* [WHAT THIS TASK INVOLVES]: The answer should contain every record below, output exactly.

* [INPUT RECORDS]:
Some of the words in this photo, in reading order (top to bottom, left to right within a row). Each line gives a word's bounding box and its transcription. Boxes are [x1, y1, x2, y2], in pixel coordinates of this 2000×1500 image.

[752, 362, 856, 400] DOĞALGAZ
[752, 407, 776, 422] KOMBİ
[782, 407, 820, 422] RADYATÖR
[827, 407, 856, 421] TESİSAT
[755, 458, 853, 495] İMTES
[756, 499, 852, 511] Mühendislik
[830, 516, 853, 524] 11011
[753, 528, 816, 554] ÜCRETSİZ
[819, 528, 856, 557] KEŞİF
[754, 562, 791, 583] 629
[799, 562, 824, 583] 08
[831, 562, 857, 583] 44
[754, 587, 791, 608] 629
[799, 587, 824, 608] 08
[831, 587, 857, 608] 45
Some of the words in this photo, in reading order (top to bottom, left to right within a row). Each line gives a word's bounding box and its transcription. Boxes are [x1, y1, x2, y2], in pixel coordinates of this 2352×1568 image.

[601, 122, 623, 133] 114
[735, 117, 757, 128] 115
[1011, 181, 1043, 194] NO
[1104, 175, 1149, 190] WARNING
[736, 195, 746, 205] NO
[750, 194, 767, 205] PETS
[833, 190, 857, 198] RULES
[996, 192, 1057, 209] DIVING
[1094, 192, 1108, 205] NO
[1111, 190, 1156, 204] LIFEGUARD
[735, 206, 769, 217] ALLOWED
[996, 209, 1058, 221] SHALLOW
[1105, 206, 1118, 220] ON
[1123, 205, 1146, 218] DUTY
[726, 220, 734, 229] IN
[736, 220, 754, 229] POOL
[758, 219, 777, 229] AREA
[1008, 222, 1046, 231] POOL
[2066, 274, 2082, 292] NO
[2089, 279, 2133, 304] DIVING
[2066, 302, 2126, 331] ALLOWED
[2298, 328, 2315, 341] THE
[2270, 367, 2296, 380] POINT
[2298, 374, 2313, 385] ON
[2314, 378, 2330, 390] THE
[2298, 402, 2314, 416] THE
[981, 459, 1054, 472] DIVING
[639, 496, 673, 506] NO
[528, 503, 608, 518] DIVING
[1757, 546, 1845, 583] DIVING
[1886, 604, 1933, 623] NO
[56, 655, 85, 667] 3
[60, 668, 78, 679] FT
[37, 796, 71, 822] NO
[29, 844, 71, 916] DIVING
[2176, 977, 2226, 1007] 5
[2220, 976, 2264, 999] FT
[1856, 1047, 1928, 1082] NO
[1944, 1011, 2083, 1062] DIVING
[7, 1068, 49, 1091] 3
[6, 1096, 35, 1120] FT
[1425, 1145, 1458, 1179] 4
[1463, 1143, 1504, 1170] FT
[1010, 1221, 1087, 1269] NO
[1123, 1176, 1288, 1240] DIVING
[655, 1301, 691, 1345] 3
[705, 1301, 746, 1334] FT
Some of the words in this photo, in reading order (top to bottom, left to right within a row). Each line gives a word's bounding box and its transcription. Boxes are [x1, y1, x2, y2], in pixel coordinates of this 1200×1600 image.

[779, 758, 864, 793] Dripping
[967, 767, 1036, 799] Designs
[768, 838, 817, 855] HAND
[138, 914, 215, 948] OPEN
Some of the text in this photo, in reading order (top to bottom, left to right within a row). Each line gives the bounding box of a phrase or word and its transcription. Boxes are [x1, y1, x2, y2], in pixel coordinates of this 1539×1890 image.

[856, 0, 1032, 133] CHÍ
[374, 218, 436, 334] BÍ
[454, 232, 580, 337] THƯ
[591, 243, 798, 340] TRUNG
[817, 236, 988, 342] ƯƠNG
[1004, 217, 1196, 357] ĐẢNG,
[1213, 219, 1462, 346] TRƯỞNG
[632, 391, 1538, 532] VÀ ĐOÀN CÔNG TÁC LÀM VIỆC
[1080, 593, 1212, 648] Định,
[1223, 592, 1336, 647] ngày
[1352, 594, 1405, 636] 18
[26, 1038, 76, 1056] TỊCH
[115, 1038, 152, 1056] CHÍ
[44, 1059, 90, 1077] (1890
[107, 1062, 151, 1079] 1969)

* [YOUR RESPONSE]:
Some of the words in this photo, in reading order (top to bottom, left to right within a row). Each line gives a word's bounding box and its transcription. Boxes are [x1, y1, x2, y2], in pixel coordinates of this 2000×1500 image.

[752, 362, 856, 400] DOĞALGAZ
[752, 407, 776, 422] KOMBİ
[782, 407, 820, 422] RADYATÖR
[827, 407, 856, 421] TESİSAT
[755, 458, 853, 495] İMTES
[756, 499, 852, 511] Mühendislik
[830, 516, 853, 524] 11011
[753, 528, 816, 554] ÜCRETSİZ
[819, 528, 856, 557] KEŞİF
[754, 562, 791, 583] 629
[799, 562, 824, 583] 08
[831, 562, 857, 583] 44
[754, 587, 791, 608] 629
[799, 587, 824, 608] 08
[831, 587, 857, 608] 45
Some of the words in this photo, in reading order (top to bottom, left to right within a row). Each line gives a word's bounding box and its transcription. Boxes are [x1, y1, x2, y2], in pixel coordinates of this 2352×1568 image.

[601, 122, 623, 133] 114
[735, 117, 757, 128] 115
[1011, 181, 1043, 194] NO
[1104, 175, 1149, 190] WARNING
[736, 195, 746, 205] NO
[750, 194, 767, 205] PETS
[833, 190, 857, 198] RULES
[996, 192, 1057, 209] DIVING
[1094, 192, 1108, 205] NO
[1111, 190, 1156, 204] LIFEGUARD
[735, 206, 769, 217] ALLOWED
[996, 209, 1058, 221] SHALLOW
[1105, 206, 1118, 220] ON
[1123, 205, 1146, 218] DUTY
[726, 220, 734, 229] IN
[736, 220, 754, 229] POOL
[758, 219, 777, 229] AREA
[1008, 222, 1046, 231] POOL
[2066, 274, 2082, 292] NO
[2089, 279, 2133, 304] DIVING
[2066, 302, 2126, 331] ALLOWED
[2298, 328, 2315, 341] THE
[2270, 367, 2296, 380] POINT
[2298, 374, 2313, 385] ON
[2314, 378, 2330, 390] THE
[2298, 402, 2314, 416] THE
[981, 459, 1054, 472] DIVING
[639, 496, 673, 506] NO
[528, 503, 608, 518] DIVING
[1757, 546, 1845, 583] DIVING
[1886, 604, 1933, 623] NO
[56, 655, 85, 667] 3
[60, 668, 78, 679] FT
[37, 796, 71, 822] NO
[29, 844, 71, 916] DIVING
[2176, 977, 2226, 1007] 5
[2220, 976, 2264, 999] FT
[1856, 1047, 1928, 1082] NO
[1944, 1011, 2083, 1062] DIVING
[7, 1068, 49, 1091] 3
[6, 1096, 35, 1120] FT
[1425, 1145, 1458, 1179] 4
[1463, 1143, 1504, 1170] FT
[1010, 1221, 1087, 1269] NO
[1123, 1176, 1288, 1240] DIVING
[655, 1301, 691, 1345] 3
[705, 1301, 746, 1334] FT
Some of the words in this photo, in reading order (top to bottom, left to right within a row). Each line gives a word's bounding box and its transcription. Boxes are [x1, y1, x2, y2], in pixel coordinates of this 1200×1600 image.

[779, 758, 864, 793] Dripping
[967, 767, 1036, 799] Designs
[768, 838, 817, 855] HAND
[138, 914, 215, 948] OPEN
Some of the text in this photo, in reading order (top to bottom, left to right within a row). Each line gives the bounding box of a phrase or word and its transcription. Boxes are [x1, y1, x2, y2], in pixel coordinates of this 1539×1890 image.

[856, 0, 1032, 133] CHÍ
[374, 218, 436, 334] BÍ
[454, 232, 580, 337] THƯ
[591, 243, 798, 340] TRUNG
[817, 236, 988, 342] ƯƠNG
[1004, 217, 1196, 357] ĐẢNG,
[1213, 219, 1462, 346] TRƯỞNG
[632, 391, 1538, 532] VÀ ĐOÀN CÔNG TÁC LÀM VIỆC
[1080, 593, 1212, 648] Định,
[1223, 592, 1336, 647] ngày
[1352, 594, 1405, 636] 18
[26, 1038, 76, 1056] TỊCH
[115, 1038, 152, 1056] CHÍ
[44, 1059, 90, 1077] (1890
[107, 1062, 151, 1079] 1969)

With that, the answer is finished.